Exact wording is required for every entry; transcribe all of them and leave the images out.

****************

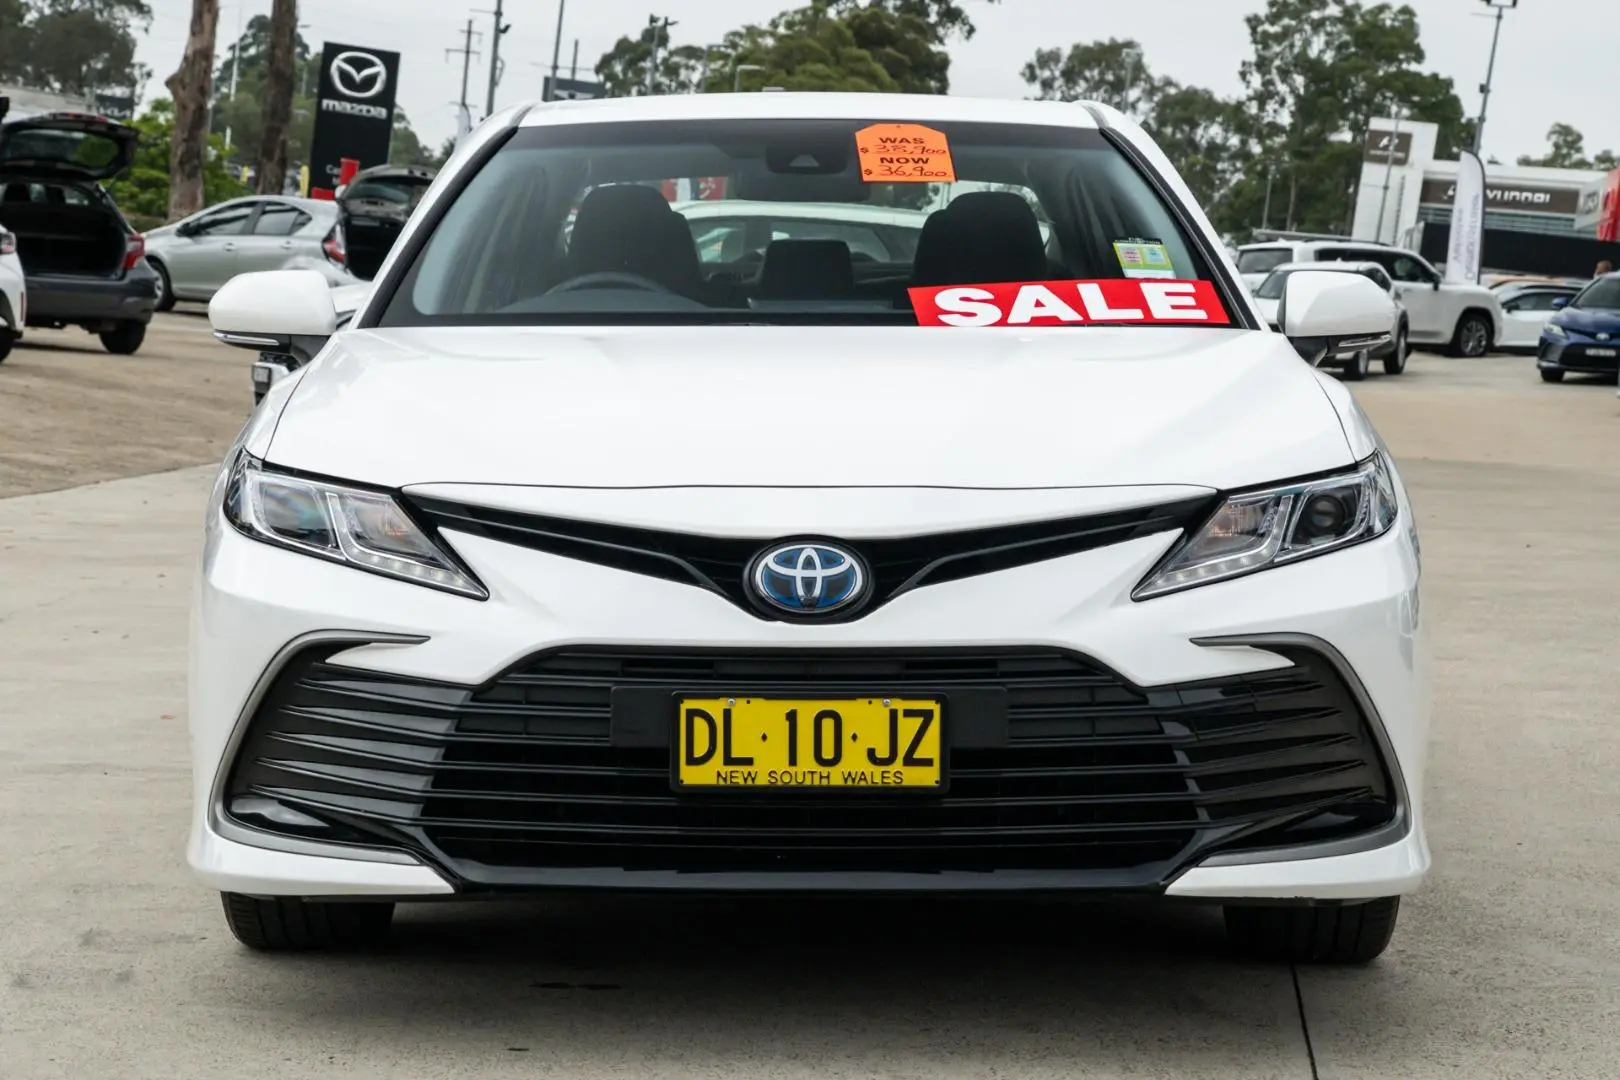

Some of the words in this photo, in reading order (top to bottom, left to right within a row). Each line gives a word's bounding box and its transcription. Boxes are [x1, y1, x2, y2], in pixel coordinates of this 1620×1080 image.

[322, 99, 387, 119] mazda
[879, 165, 947, 176] 36,900
[934, 282, 1208, 327] SALE
[716, 770, 758, 785] NEW
[767, 770, 831, 785] SOUTH
[842, 770, 904, 785] WALES

****************

[Answer to this exercise]:
Some of the words in this photo, in reading order (top to bottom, left to right within a row). Each line gives a word's bounding box and its transcription. Boxes are [x1, y1, x2, y2], in pixel coordinates of this 1620×1080 image.

[322, 99, 387, 119] mazda
[879, 165, 947, 176] 36,900
[934, 282, 1208, 327] SALE
[716, 770, 758, 785] NEW
[767, 770, 831, 785] SOUTH
[842, 770, 904, 785] WALES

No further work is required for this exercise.